GNU/Weeb Mailing List <[email protected]>
 help / color / mirror / Atom feed
From: Muhammad Rizki <[email protected]>
To: Ammar Faizi <[email protected]>
Cc: Muhammad Rizki <[email protected]>,
	GNU/Weeb Mailing List <[email protected]>,
	Alviro Iskandar Setiawan <[email protected]>
Subject: [RFC PATCH v1 5/5] Refactor many files
Date: Tue,  6 Sep 2022 18:19:29 +0700	[thread overview]
Message-ID: <[email protected]> (raw)
In-Reply-To: <[email protected]>

I want to refactor atom scraper file and utility file and create a
directory for both of it to make it reuseable in the future use.
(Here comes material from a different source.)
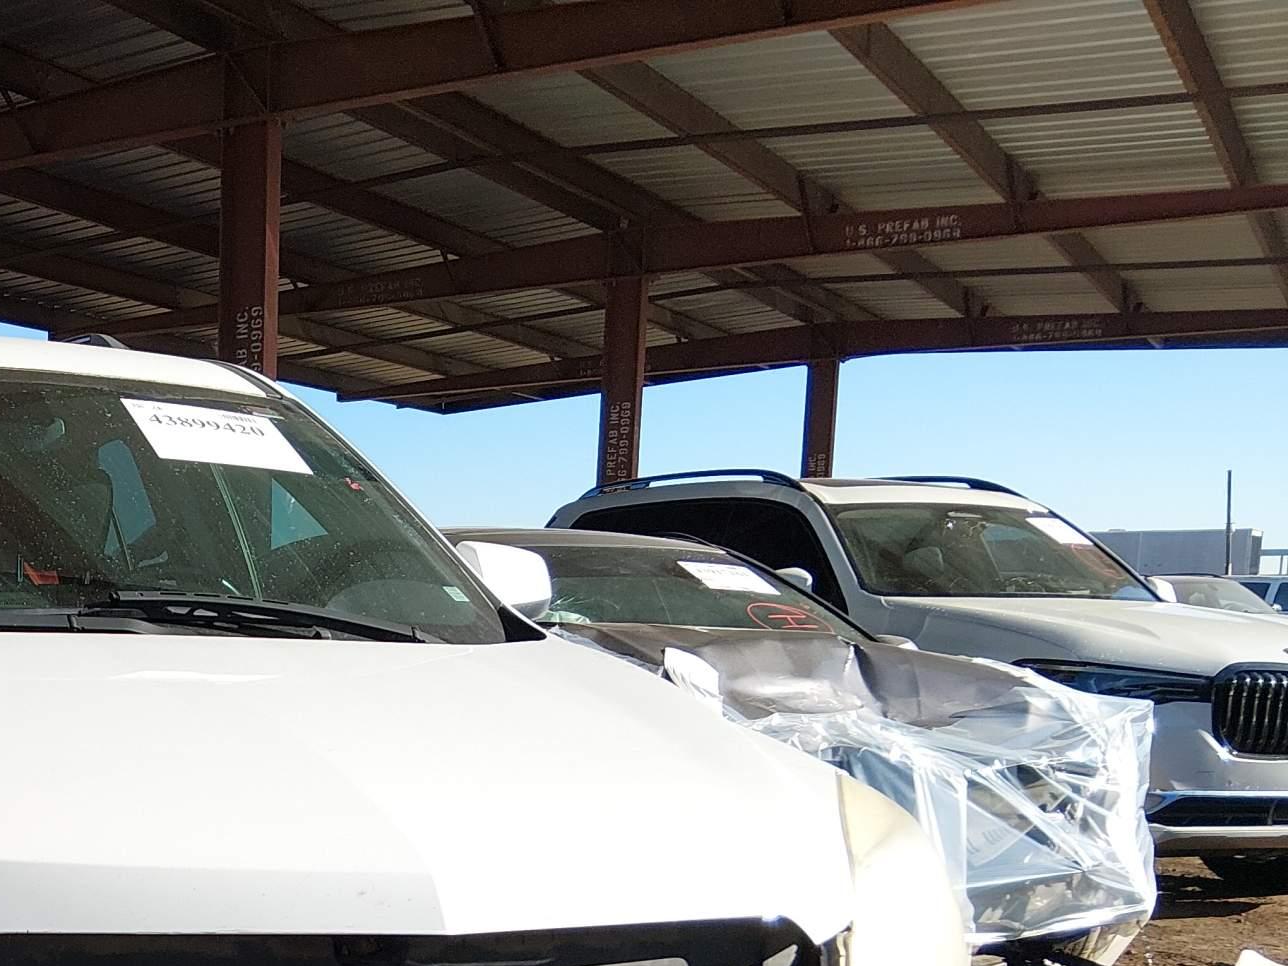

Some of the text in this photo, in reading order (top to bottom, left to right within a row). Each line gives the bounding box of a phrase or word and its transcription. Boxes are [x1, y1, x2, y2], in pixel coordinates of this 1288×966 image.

[236, 306, 249, 339] INC.
[148, 413, 266, 437] 43899420
[606, 401, 621, 476] PREFAB INC.
This
commit contains:
- Rename some functions in utils
- Rename file name in telegram such as scraper => mailer,
bot.py => listener
- Move class Mutexes to utility file
- Rename the Mutexes attribute send_to_tg => lock
- Changes affected codes during this refactor

Signed-off-by: Muhammad Rizki <[email protected]>
---
 .gitignore                                    |  1 +
 daemon/atom/__init__.py                       |  7 ++
 daemon/{telegram/scraper => atom}/scraper.py  | 12 +--
 daemon/{telegram/scraper => atom}/utils.py    | 87 ++++++++++++++-----
 daemon/{telegram => }/db.sql                  |  0
 .../.env.example => telegram.env.example}     |  0
 .../telegram/{scraper => mailer}/__init__.py  |  4 +-
 .../{scraper/bot.py => mailer/listener.py}    | 23 ++---
 daemon/telegram/packages/client.py            | 10 ++-
 .../packages/plugins/callbacks/del_atom.py    |  6 +-
 .../packages/plugins/callbacks/del_chat.py    |  6 +-
 .../packages/plugins/commands/debugger.py     |  2 +-
 .../packages/plugins/commands/manage_atom.py  |  6 +-
 .../plugins/commands/manage_broadcast.py      |  6 +-
 .../packages/plugins/commands/scrape.py       | 10 +--
 daemon/{telegram/run.py => tg.py}             | 24 +++--
 16 files changed, 122 insertions(+), 82 deletions(-)
 create mode 100644 daemon/atom/__init__.py
 rename daemon/{telegram/scraper => atom}/scraper.py (79%)
 rename daemon/{telegram/scraper => atom}/utils.py (72%)
 rename daemon/{telegram => }/db.sql (100%)
 rename daemon/{telegram/.env.example => telegram.env.example} (100%)
 rename daemon/telegram/{scraper => mailer}/__init__.py (68%)
 rename daemon/telegram/{scraper/bot.py => mailer/listener.py} (88%)
 rename daemon/{telegram/run.py => tg.py} (68%)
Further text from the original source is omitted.